» **Work instruction**: Each entry should be printed exactly, with its images omitted.

[Recorded data]
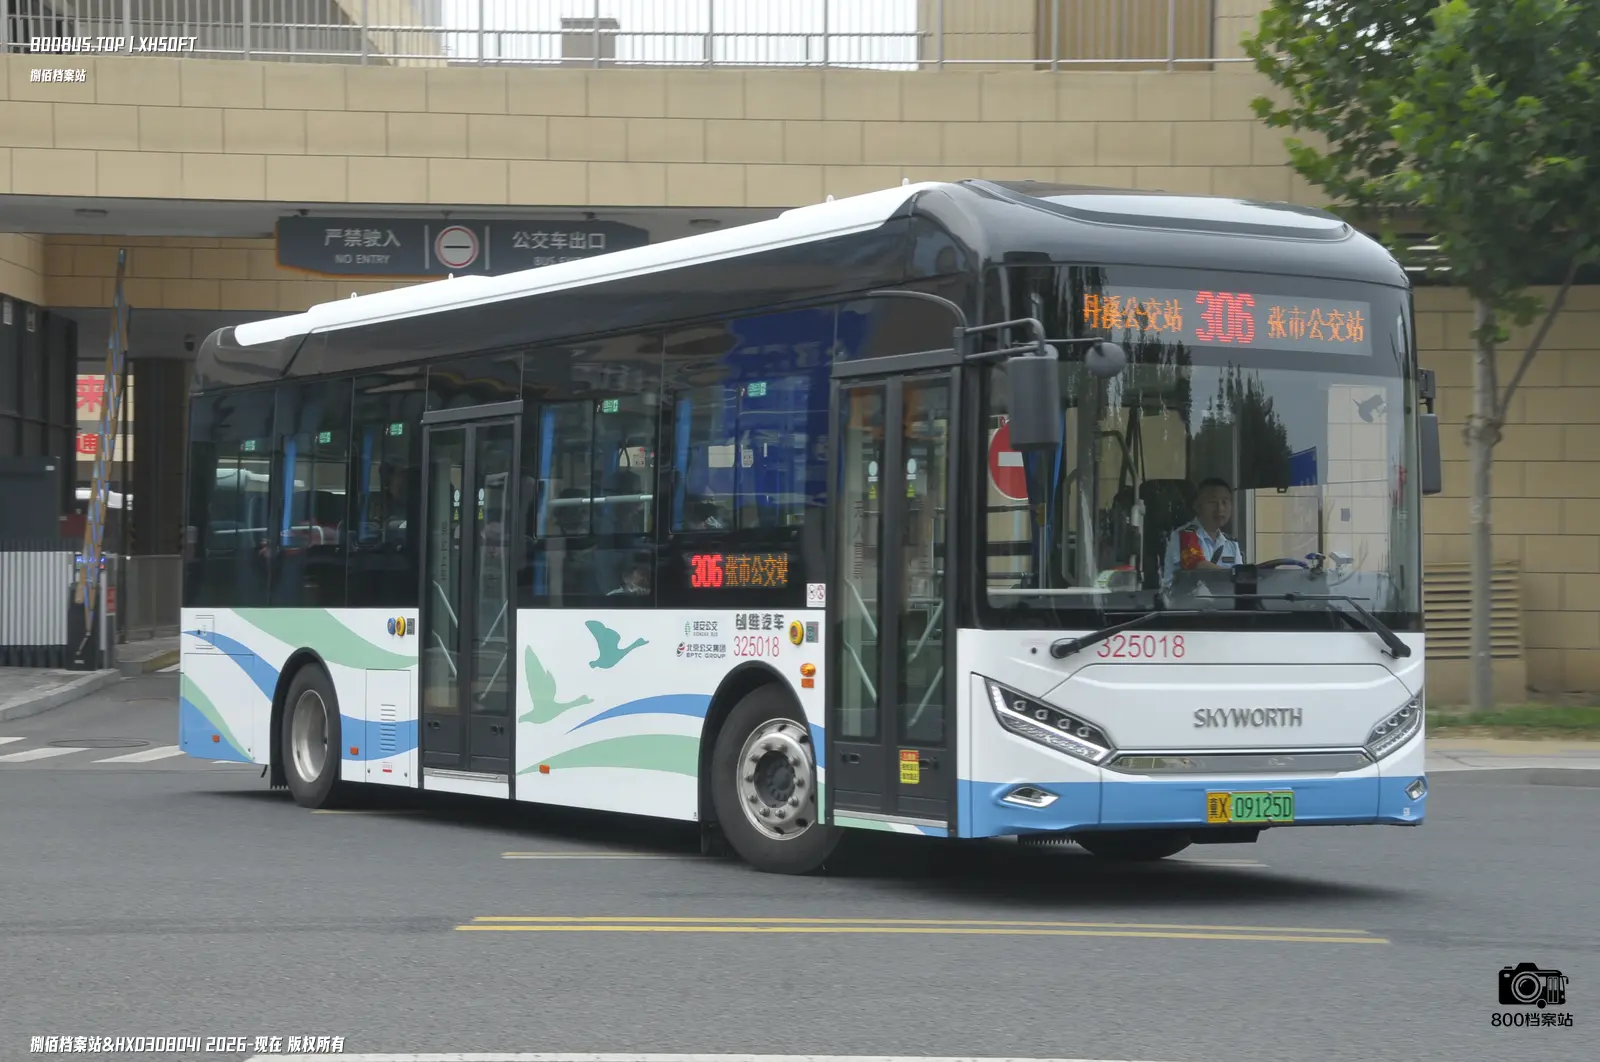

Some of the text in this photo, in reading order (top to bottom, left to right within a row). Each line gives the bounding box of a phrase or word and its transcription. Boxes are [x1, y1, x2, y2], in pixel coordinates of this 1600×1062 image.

[324, 228, 401, 248] 严禁驶入
[512, 231, 606, 250] 公交车出口
[335, 254, 390, 265] NO ENTRY
[1195, 291, 1256, 344] 306
[1267, 305, 1365, 343] 张市公交站
[691, 554, 723, 588] 306
[736, 613, 784, 631] 创维汽车
[686, 644, 727, 653] 北京公交集团
[733, 635, 780, 657] 325018
[1097, 634, 1185, 658] 325018
[1193, 706, 1303, 729] SKYWORTH

» **Response to the task**:
Some of the text in this photo, in reading order (top to bottom, left to right within a row). Each line gives the bounding box of a phrase or word and its transcription. Boxes are [x1, y1, x2, y2], in pixel coordinates of this 1600×1062 image.

[324, 228, 401, 248] 严禁驶入
[512, 231, 606, 250] 公交车出口
[335, 254, 390, 265] NO ENTRY
[1195, 291, 1256, 344] 306
[1267, 305, 1365, 343] 张市公交站
[691, 554, 723, 588] 306
[736, 613, 784, 631] 创维汽车
[686, 644, 727, 653] 北京公交集团
[733, 635, 780, 657] 325018
[1097, 634, 1185, 658] 325018
[1193, 706, 1303, 729] SKYWORTH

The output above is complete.